Image-backed grounding data:
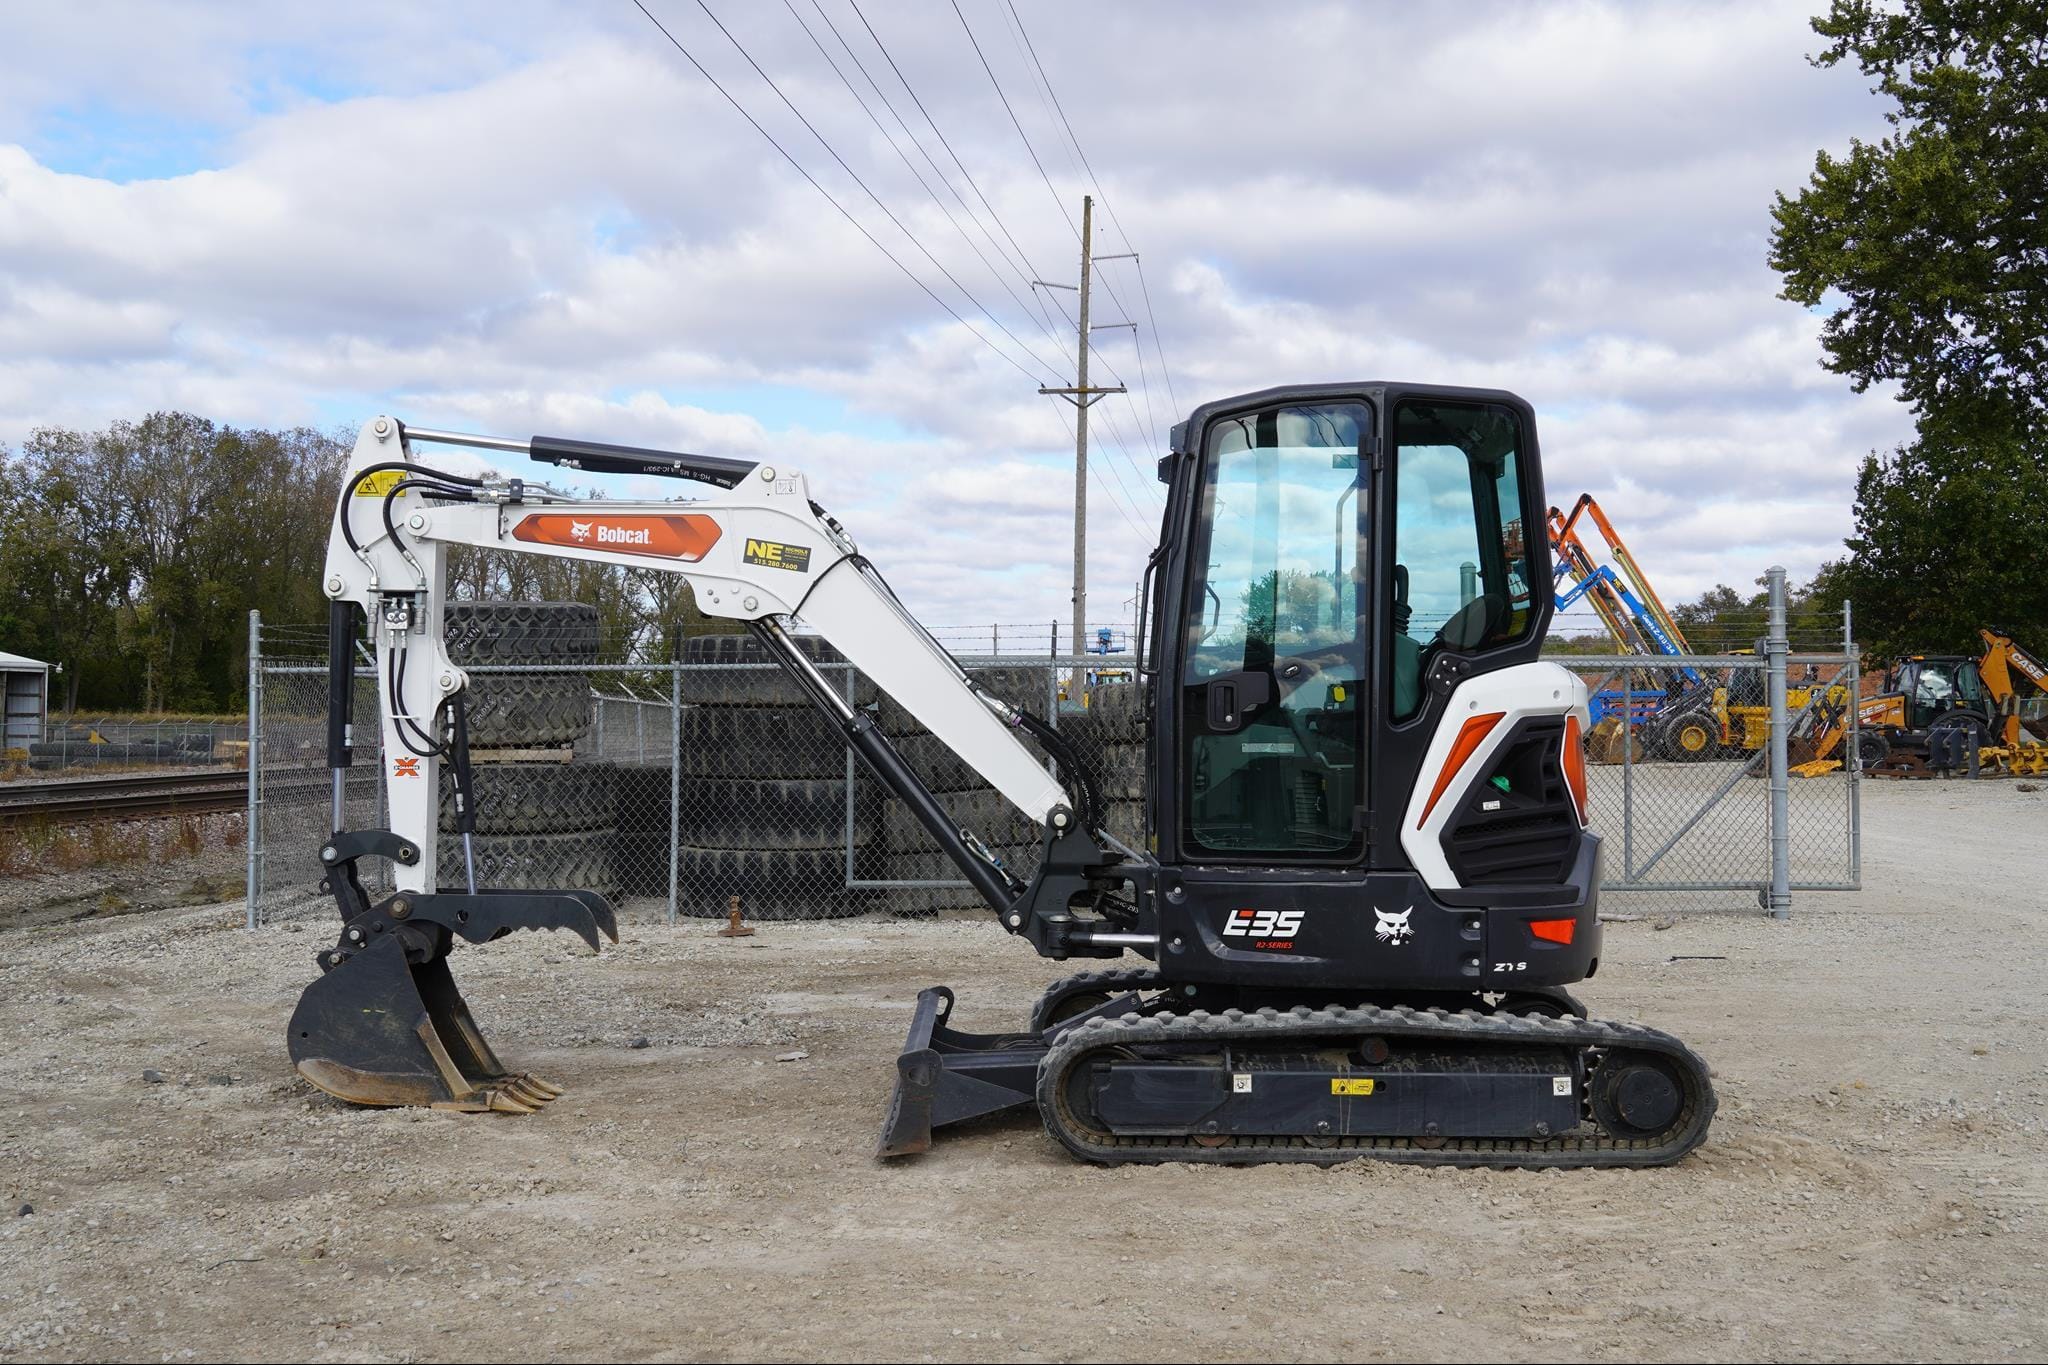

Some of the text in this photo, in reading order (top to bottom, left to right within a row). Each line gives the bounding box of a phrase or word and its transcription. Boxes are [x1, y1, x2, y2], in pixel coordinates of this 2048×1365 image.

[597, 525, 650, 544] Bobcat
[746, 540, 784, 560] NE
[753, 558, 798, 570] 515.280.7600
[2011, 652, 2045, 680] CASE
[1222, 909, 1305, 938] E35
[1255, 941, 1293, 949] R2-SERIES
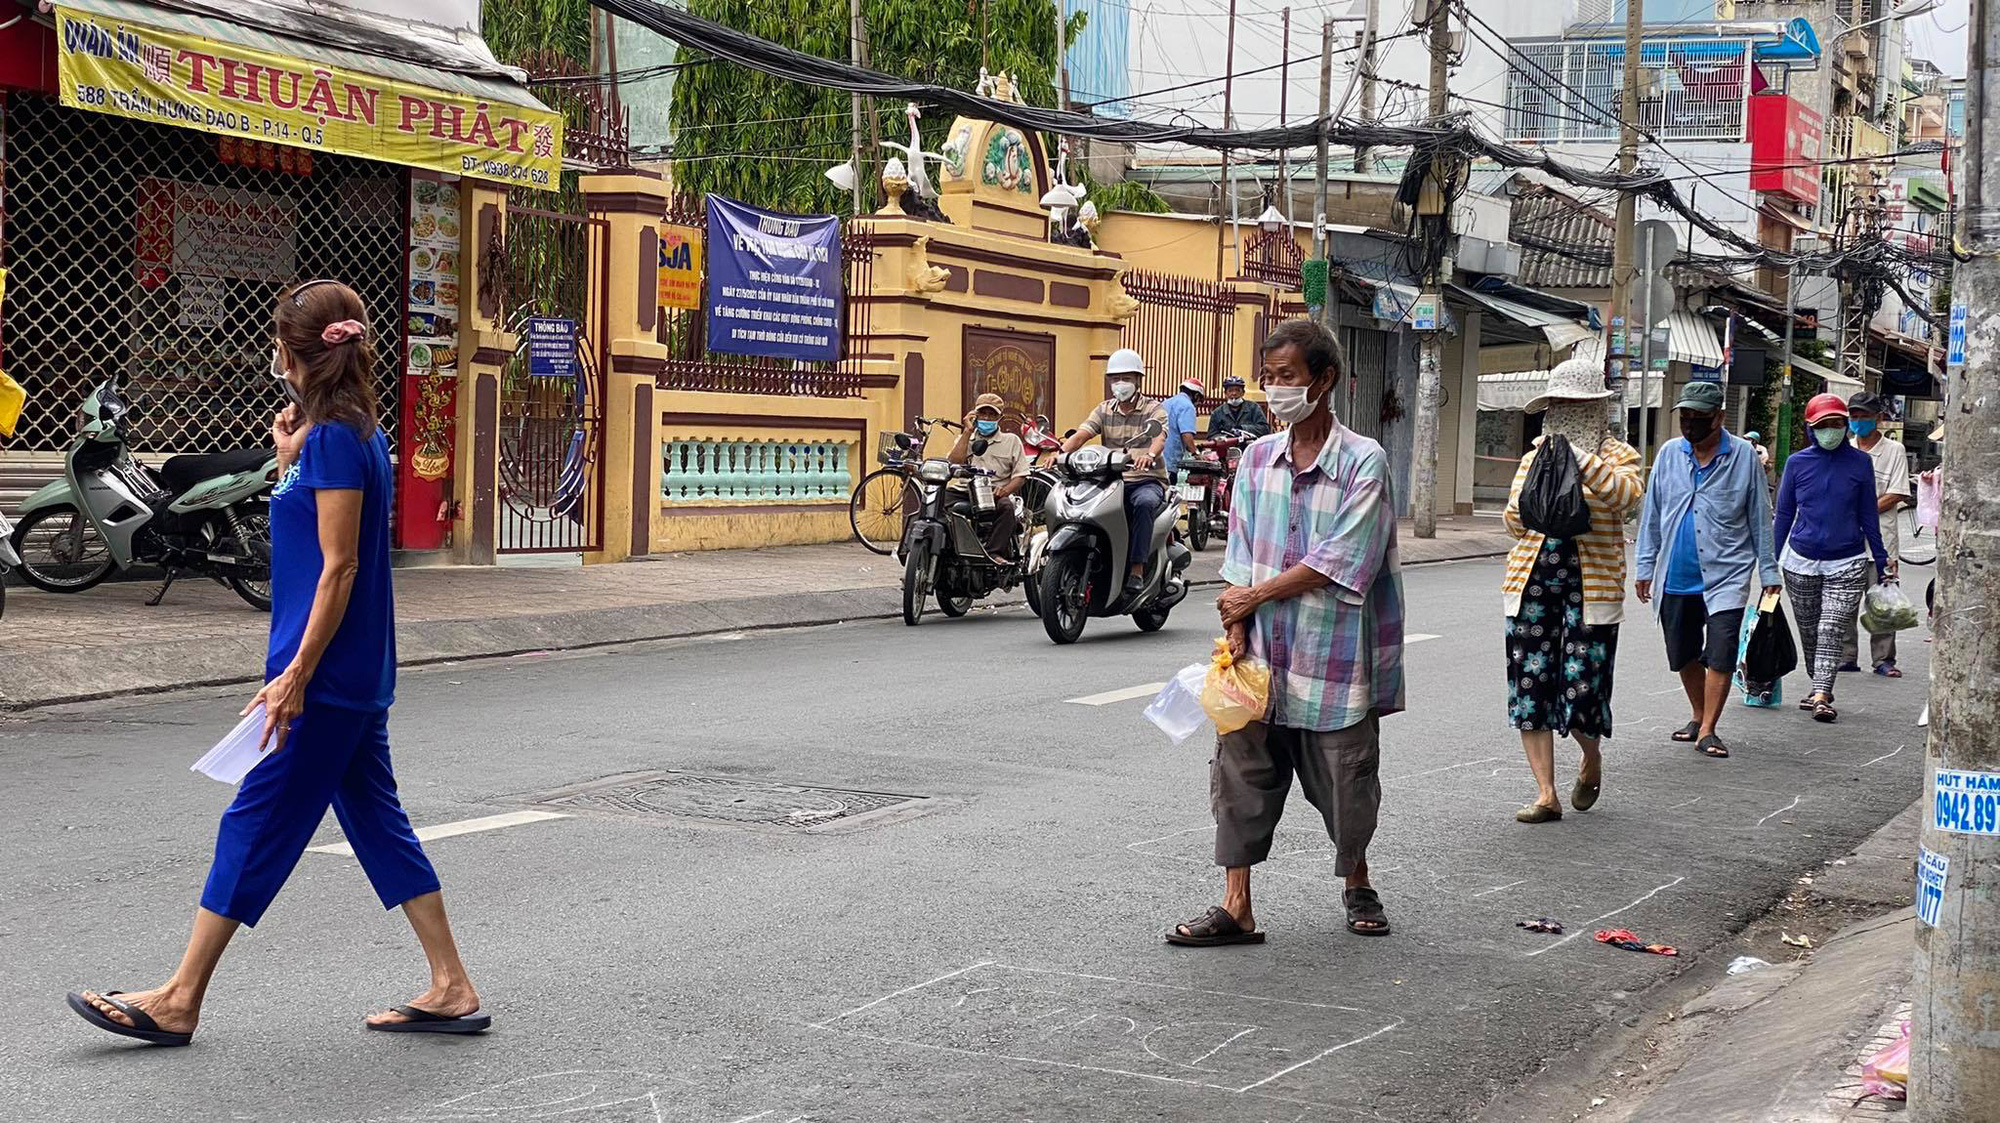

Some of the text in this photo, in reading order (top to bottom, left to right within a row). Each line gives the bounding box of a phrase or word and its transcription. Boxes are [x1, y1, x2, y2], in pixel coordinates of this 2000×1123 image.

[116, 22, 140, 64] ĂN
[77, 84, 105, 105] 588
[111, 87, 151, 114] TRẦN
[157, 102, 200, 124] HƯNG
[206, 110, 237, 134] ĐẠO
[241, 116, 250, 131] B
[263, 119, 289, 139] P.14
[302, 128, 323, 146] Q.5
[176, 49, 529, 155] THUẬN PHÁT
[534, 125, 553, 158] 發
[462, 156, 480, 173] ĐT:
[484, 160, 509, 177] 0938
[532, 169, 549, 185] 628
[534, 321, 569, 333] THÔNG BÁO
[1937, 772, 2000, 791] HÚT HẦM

# Task description
Set every entry down again word for word, but not the pictures.

# Response
Some of the text in this photo, in reading order (top to bottom, left to right within a row). Each line gives the bounding box of a phrase or word and its transcription. Boxes are [x1, y1, x2, y2], in pixel coordinates of this 2048×1365 image.

[597, 525, 650, 544] Bobcat
[746, 540, 784, 560] NE
[753, 558, 798, 570] 515.280.7600
[2011, 652, 2045, 680] CASE
[1222, 909, 1305, 938] E35
[1255, 941, 1293, 949] R2-SERIES

Some of the text in this photo, in reading order (top to bottom, left to right within a row). Each line gives the bounding box of a phrase or word and its transcription. Boxes are [x1, y1, x2, y2], in pixel coordinates of this 2000×1123 image.

[116, 22, 140, 64] ĂN
[77, 84, 105, 105] 588
[111, 87, 151, 114] TRẦN
[157, 102, 200, 124] HƯNG
[206, 110, 237, 134] ĐẠO
[241, 116, 250, 131] B
[263, 119, 289, 139] P.14
[302, 128, 323, 146] Q.5
[176, 49, 529, 155] THUẬN PHÁT
[534, 125, 553, 158] 發
[462, 156, 480, 173] ĐT:
[484, 160, 509, 177] 0938
[532, 169, 549, 185] 628
[534, 321, 569, 333] THÔNG BÁO
[1937, 772, 2000, 791] HÚT HẦM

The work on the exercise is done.